Stevenson was selected for her home games in London in 2012, where she took the Olympic oath at the opening ceremony on behalf of all the athletes. Her injury-truncated build up to the Games led to an early elimination; she had taken silver at the Olympic qualifiers despite suffering a broken hand.

In 2013, Stevenson announced her retirement from competition, and her intention to take up a coaching role in the Great Britain team.

Early life
Stevenson was born in Doncaster and attended the Don Valley High School in Scawthorpe.

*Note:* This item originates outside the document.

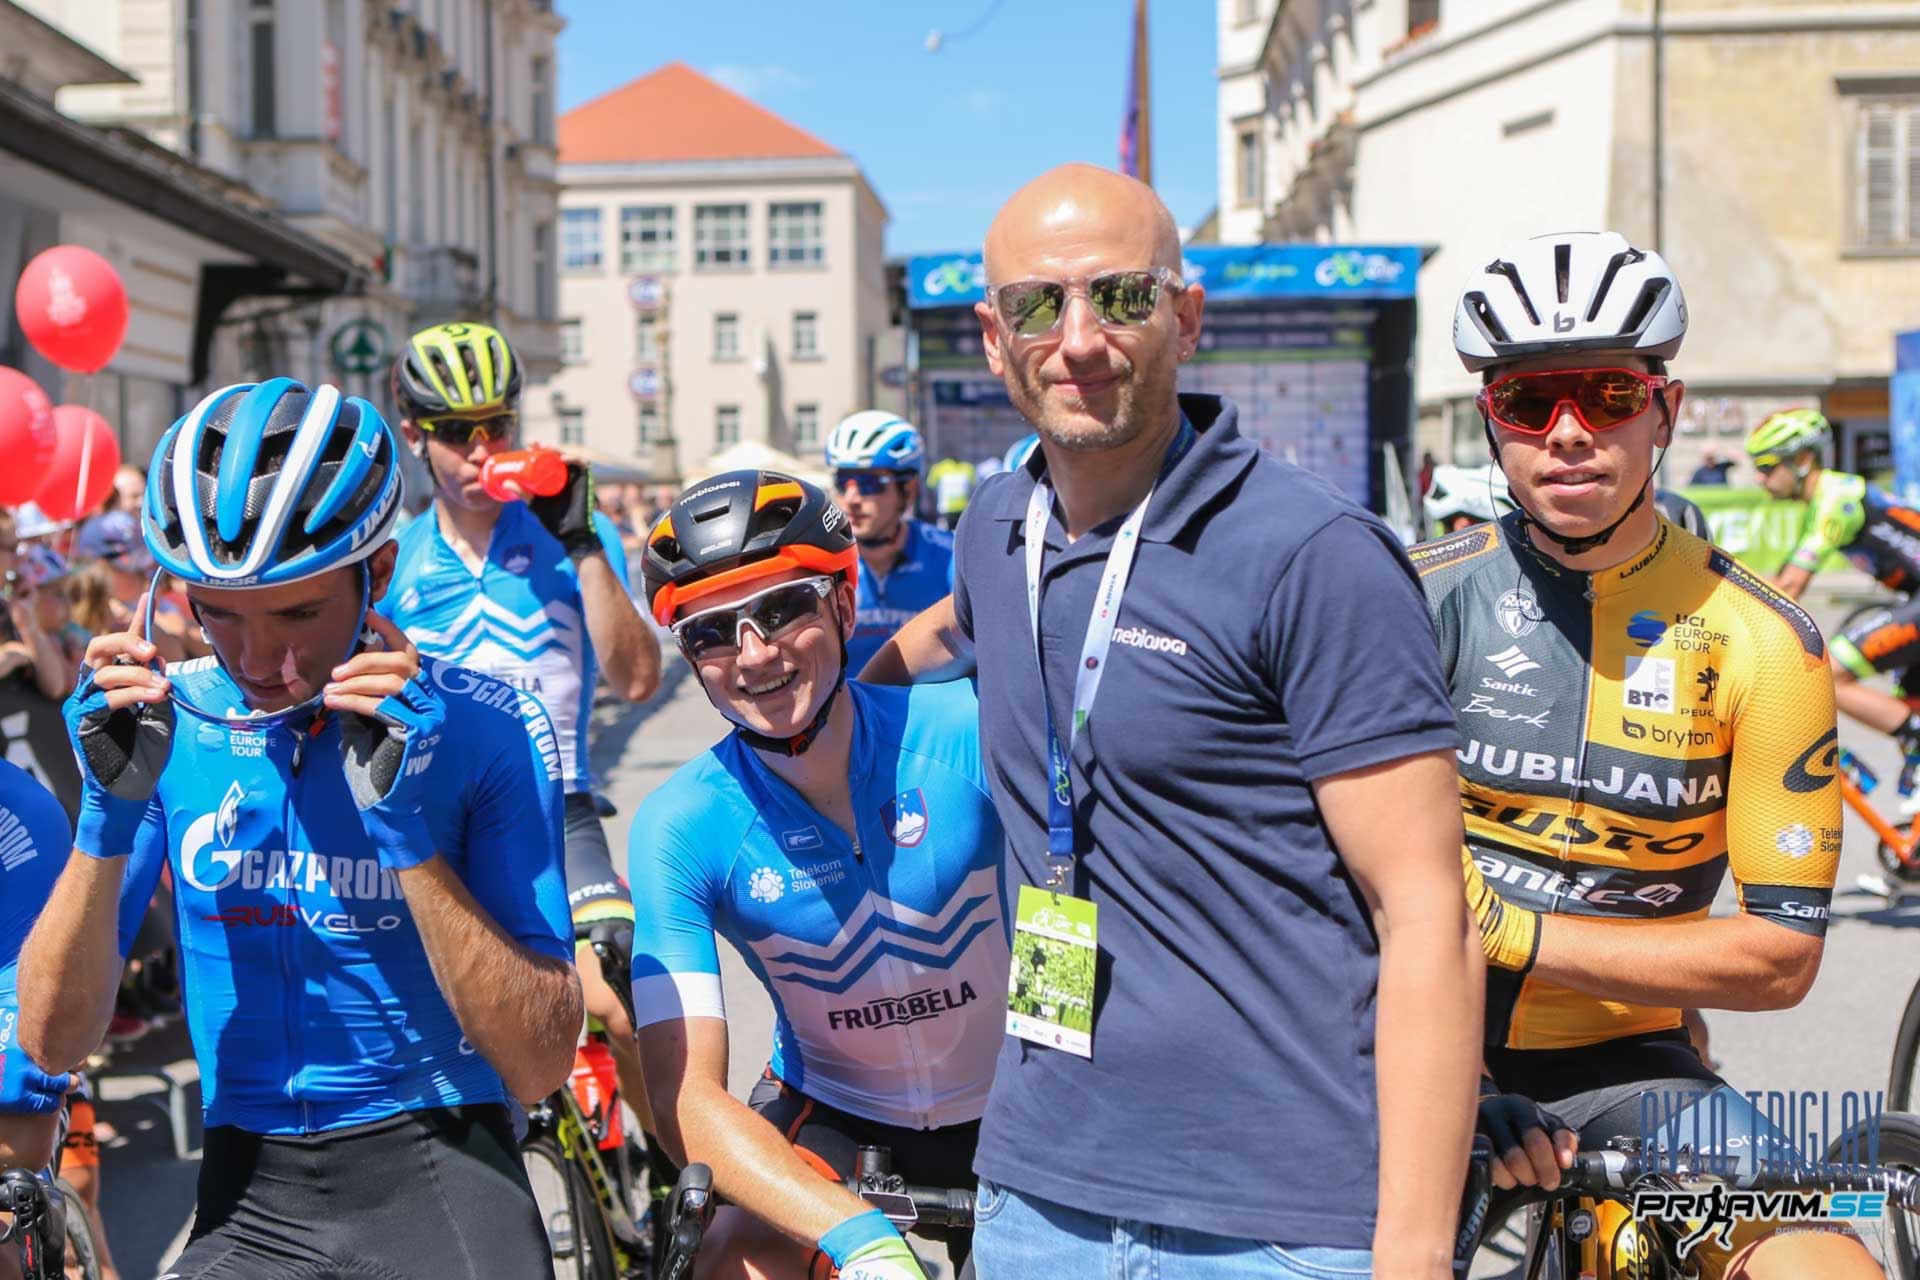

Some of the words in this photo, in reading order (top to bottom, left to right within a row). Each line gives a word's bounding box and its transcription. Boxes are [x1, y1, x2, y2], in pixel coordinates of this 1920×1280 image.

She started training taekwondo at the age of 7.

Career
Stevenson started her career by becoming Junior World Champion in 1998. In 2000, she won the 3rd place in taekwondo at the 2000 Summer Olympics's World Qualification Tournament and qualified for the 2000 Summer Olympics in Women's 67 kg. These achievements won her fame and drew the attention of martial arts superstar Jackie Chan who sponsored her while promoting his film Shanghai Noon in the United Kingdom. But in the 2000 Olympics she lost to Norway's Trude Gundersen in the semifinal and Japan's Yoriko Okamoto in the bronze match. The next year, she became a world champion in the 2001 World Taekwondo Championships's Women's Middleweight, defeating 2000 Summer Olympics gold medalist Chen Zhong in the final. She became the first British Taekwondo World champion.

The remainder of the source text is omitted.